Compared to the control group, the two other groups regained less weight, with the participants of the face-to-face group regaining the least. The researchers concluded that daily weighing improved maintenance of weight loss and that the type of education and support that their study provided worked best in a face-to-face format.
In the United States, there are two prescription medicines approved for long-term use in the treatment of obesity: orlistat (brand name Xenical), and sibutramine (Meridia). In June 2007, a lower-dose version of orlistat, marketed under the brand name Alli, became available over the counter for use in adults age 18 and over.
Orlistat helps with weight loss by blocking the absorption of some of the fat a person eats. While few studies have looked at the use of orlistat beyond two years, a large, four-year study published in the journal Diabetes Care in 2004 looked at the effectiveness of using orlistat along with lifestyle changes in the prevention of Type 2 diabetes. The 3,304 study subjects were obese at the start of the study, and some had impaired glucose tolerance (which is now called prediabetes), while others did not. All were prescribed a reduced-calorie diet, given dietary counseling, and encouraged to walk at least one extra kilometer (0.62 mile) a day beyond their usual physical activity. Some additionally took orlistat, while others took a placebo (a pill with no active ingredient).

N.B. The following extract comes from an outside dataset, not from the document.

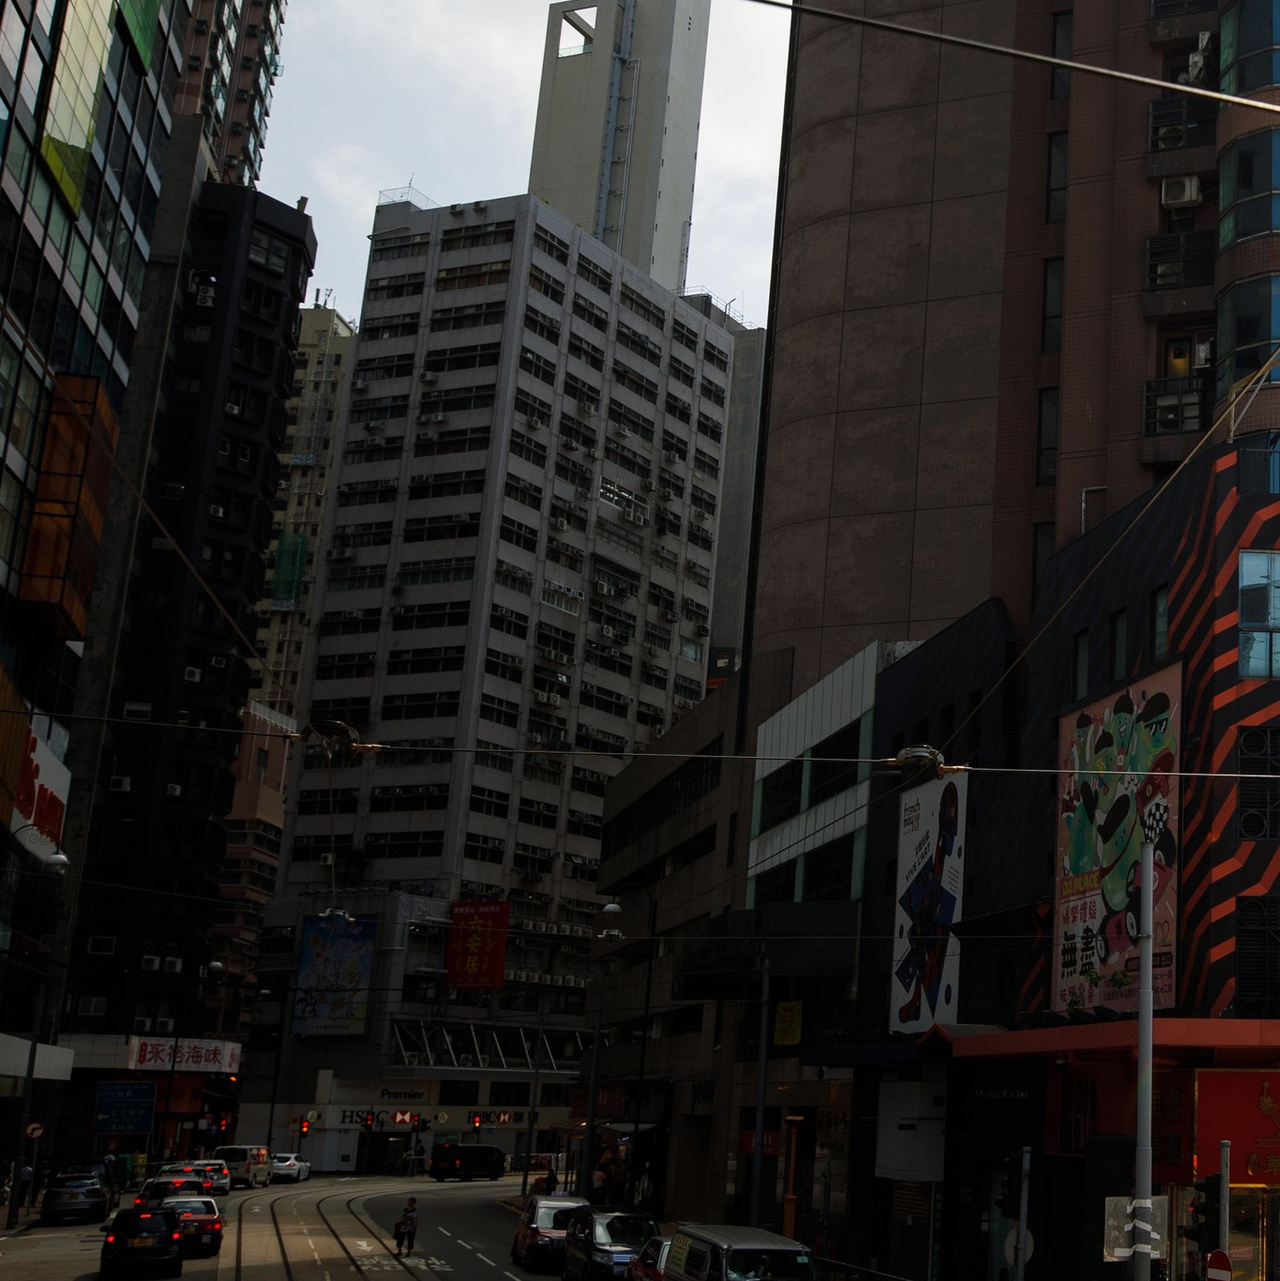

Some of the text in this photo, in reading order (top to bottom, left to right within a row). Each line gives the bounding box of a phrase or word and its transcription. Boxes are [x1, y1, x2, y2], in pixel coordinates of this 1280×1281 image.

[1074, 871, 1099, 892] PLACE
[381, 1089, 424, 1100] Premier
[467, 1111, 496, 1124] HBC

After four years, the subjects taking orlistat had lost more weight than those taking the placebo. In addition, fewer participants with prediabetes who were taking orlistat developed Type 2 diabetes. Participants taking orlistat also had significant improvements in blood pressure, waist circumference, and blood lipid levels.
Sibutramine works by directly targeting the brain. It reduces appetite by increasing the amount of time two neurotransmitters (noradrenaline and serotonin) have to act by preventing them from being reabsorbed by the brain cells (neurons) that produce them. It is believed that this effect increases feelings of fullness. Use of sibutramine has been shown to result in a 5% to 10% reduction in a person’s body weight.
Modest increases in heart rate and blood pressure can result from sibutramine use early in the course of treatment, so it’s currently recommended that blood pressure be closely monitored in people taking sibutramine and that people with serious cardiovascular problems not take it. Other side effects may include dry mouth, insomnia, loss of appetite, constipation, and headache.
While they can be effective, weight-loss medicines can also be expensive, even with prescription drug insurance coverage. This, obviously, limits their availability to some people.
Two studies reported in the professional journal Diabetes, Obesity and Metabolism found that Byetta produced a sustainable weight loss over a 20-month period. Overweight and obese subjects with Type 2 diabetes lost an average of 10–12 pounds after 20 months of Byetta use. Mild to moderate nausea was the most common side effect reported, but it tended to decrease over time. If you are interested in using Byetta as part of your Type 2 diabetes control regimen, speak to your doctor.